*Data provided*.
══════════════════════════════
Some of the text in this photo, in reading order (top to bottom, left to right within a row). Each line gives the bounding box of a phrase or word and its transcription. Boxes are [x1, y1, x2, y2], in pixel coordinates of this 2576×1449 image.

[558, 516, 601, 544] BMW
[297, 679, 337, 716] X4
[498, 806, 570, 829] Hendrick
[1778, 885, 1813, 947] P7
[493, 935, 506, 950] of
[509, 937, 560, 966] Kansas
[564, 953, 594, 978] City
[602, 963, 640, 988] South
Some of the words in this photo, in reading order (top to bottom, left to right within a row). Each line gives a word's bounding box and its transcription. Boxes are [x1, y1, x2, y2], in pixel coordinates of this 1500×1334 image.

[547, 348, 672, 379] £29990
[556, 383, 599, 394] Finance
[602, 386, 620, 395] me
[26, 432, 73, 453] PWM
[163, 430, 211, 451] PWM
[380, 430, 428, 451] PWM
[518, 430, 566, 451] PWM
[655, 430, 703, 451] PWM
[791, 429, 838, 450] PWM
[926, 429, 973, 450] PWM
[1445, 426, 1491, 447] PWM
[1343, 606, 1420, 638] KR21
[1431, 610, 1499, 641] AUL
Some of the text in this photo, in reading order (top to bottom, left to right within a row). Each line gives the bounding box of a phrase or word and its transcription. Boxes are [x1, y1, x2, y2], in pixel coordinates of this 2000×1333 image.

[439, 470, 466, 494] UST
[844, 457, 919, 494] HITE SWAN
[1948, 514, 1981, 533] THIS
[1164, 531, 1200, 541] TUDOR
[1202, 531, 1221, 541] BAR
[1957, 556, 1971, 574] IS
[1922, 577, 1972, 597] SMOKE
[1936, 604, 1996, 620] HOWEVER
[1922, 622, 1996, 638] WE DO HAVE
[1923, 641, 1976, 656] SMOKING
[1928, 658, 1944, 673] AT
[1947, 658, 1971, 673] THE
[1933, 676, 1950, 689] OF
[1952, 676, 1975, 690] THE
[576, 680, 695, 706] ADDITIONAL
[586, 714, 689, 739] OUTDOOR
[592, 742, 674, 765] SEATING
══════════════════════════════
*Work instructions*.
Using the material above, extract the line that contains "this 2000×1333 image." and every line after it, exactly as given; stop at the last line.

*Output of the task*.
Some of the text in this photo, in reading order (top to bottom, left to right within a row). Each line gives the bounding box of a phrase or word and its transcription. Boxes are [x1, y1, x2, y2], in pixel coordinates of this 2000×1333 image.

[439, 470, 466, 494] UST
[844, 457, 919, 494] HITE SWAN
[1948, 514, 1981, 533] THIS
[1164, 531, 1200, 541] TUDOR
[1202, 531, 1221, 541] BAR
[1957, 556, 1971, 574] IS
[1922, 577, 1972, 597] SMOKE
[1936, 604, 1996, 620] HOWEVER
[1922, 622, 1996, 638] WE DO HAVE
[1923, 641, 1976, 656] SMOKING
[1928, 658, 1944, 673] AT
[1947, 658, 1971, 673] THE
[1933, 676, 1950, 689] OF
[1952, 676, 1975, 690] THE
[576, 680, 695, 706] ADDITIONAL
[586, 714, 689, 739] OUTDOOR
[592, 742, 674, 765] SEATING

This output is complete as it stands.